====== Information
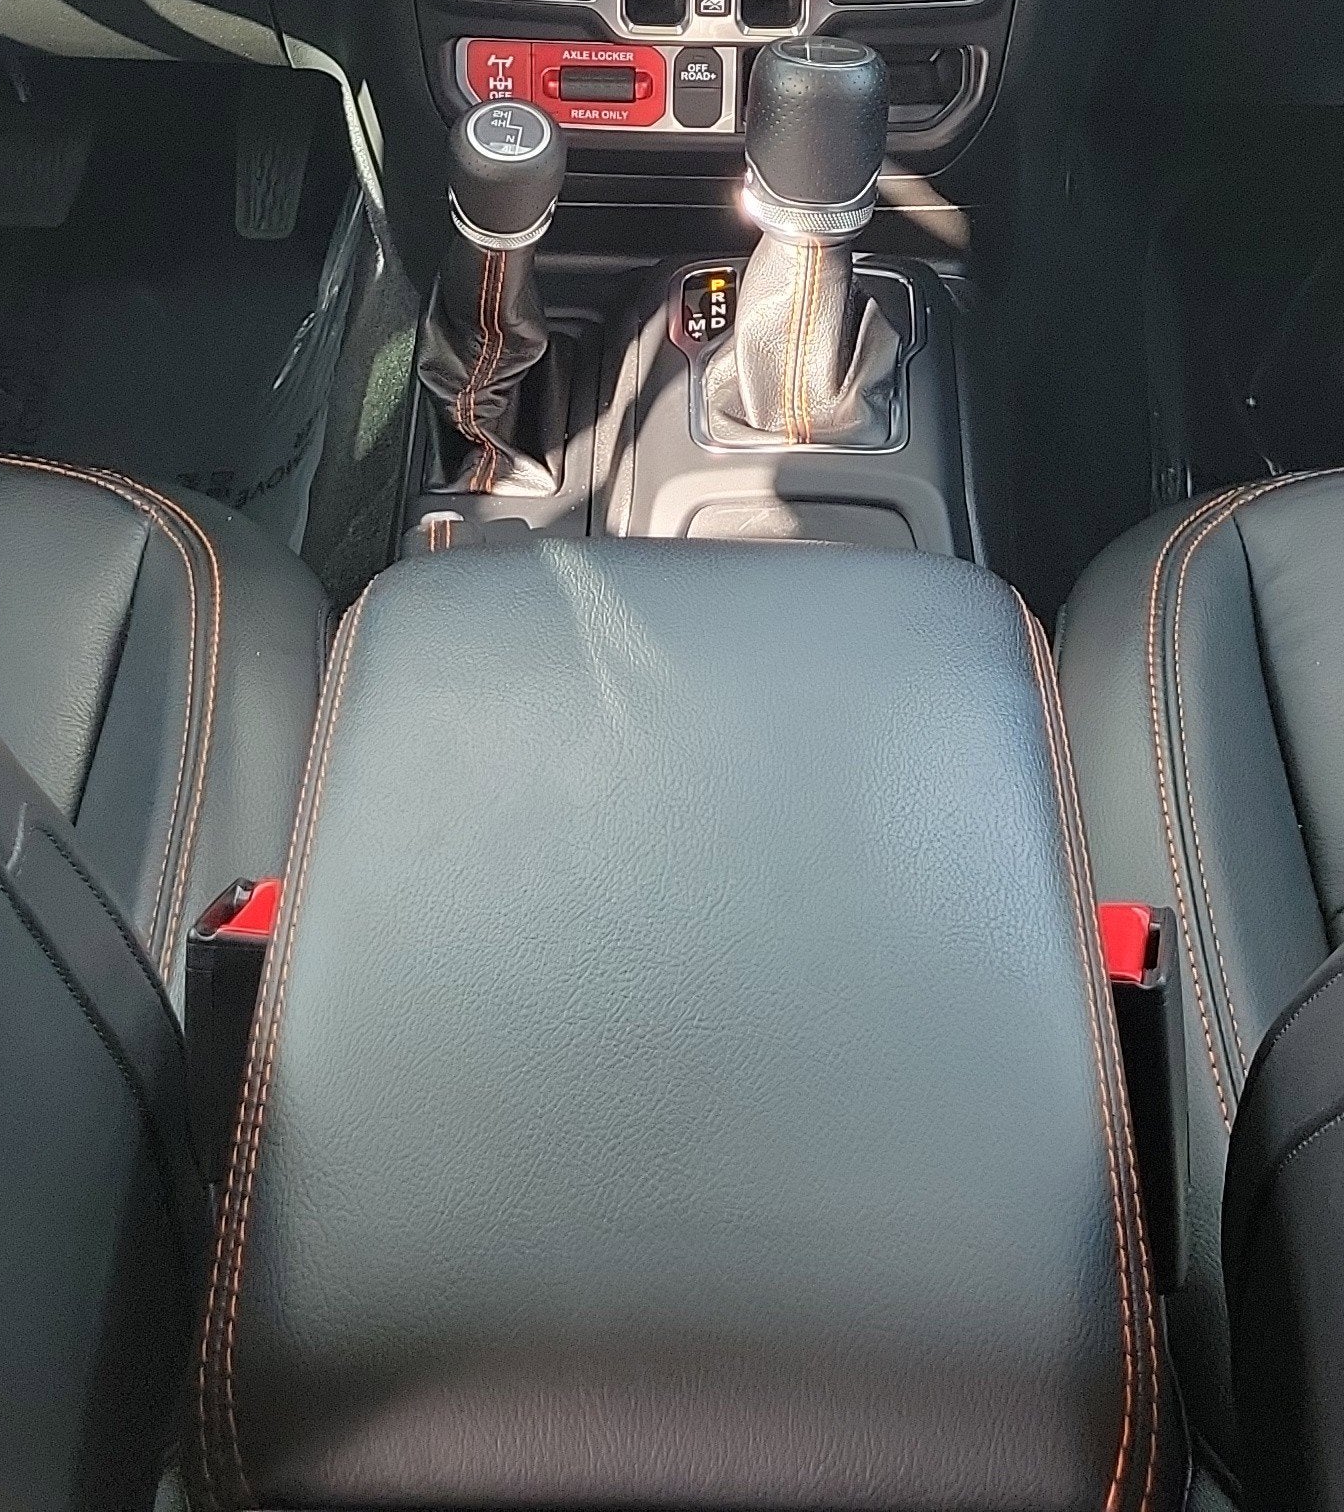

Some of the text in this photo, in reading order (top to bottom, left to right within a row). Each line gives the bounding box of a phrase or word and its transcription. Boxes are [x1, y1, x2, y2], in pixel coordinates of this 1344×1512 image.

[562, 50, 634, 61] AXLE LOCKER
[687, 63, 709, 72] OFF
[492, 110, 508, 118] 2H
[571, 109, 629, 120] REAR ONLY
[491, 119, 507, 127] 4H
[506, 135, 515, 143] N
[711, 278, 725, 291] P
[711, 291, 726, 303] R
[711, 304, 726, 316] N
[710, 317, 726, 329] D
============
* Required work
If pictures appear in the data, do not print them; repeat the rest exactly.

* Answer to this task
Some of the text in this photo, in reading order (top to bottom, left to right within a row). Each line gives the bounding box of a phrase or word and its transcription. Boxes are [x1, y1, x2, y2], in pixel coordinates of this 1344×1512 image.

[562, 50, 634, 61] AXLE LOCKER
[687, 63, 709, 72] OFF
[492, 110, 508, 118] 2H
[571, 109, 629, 120] REAR ONLY
[491, 119, 507, 127] 4H
[506, 135, 515, 143] N
[711, 278, 725, 291] P
[711, 291, 726, 303] R
[711, 304, 726, 316] N
[710, 317, 726, 329] D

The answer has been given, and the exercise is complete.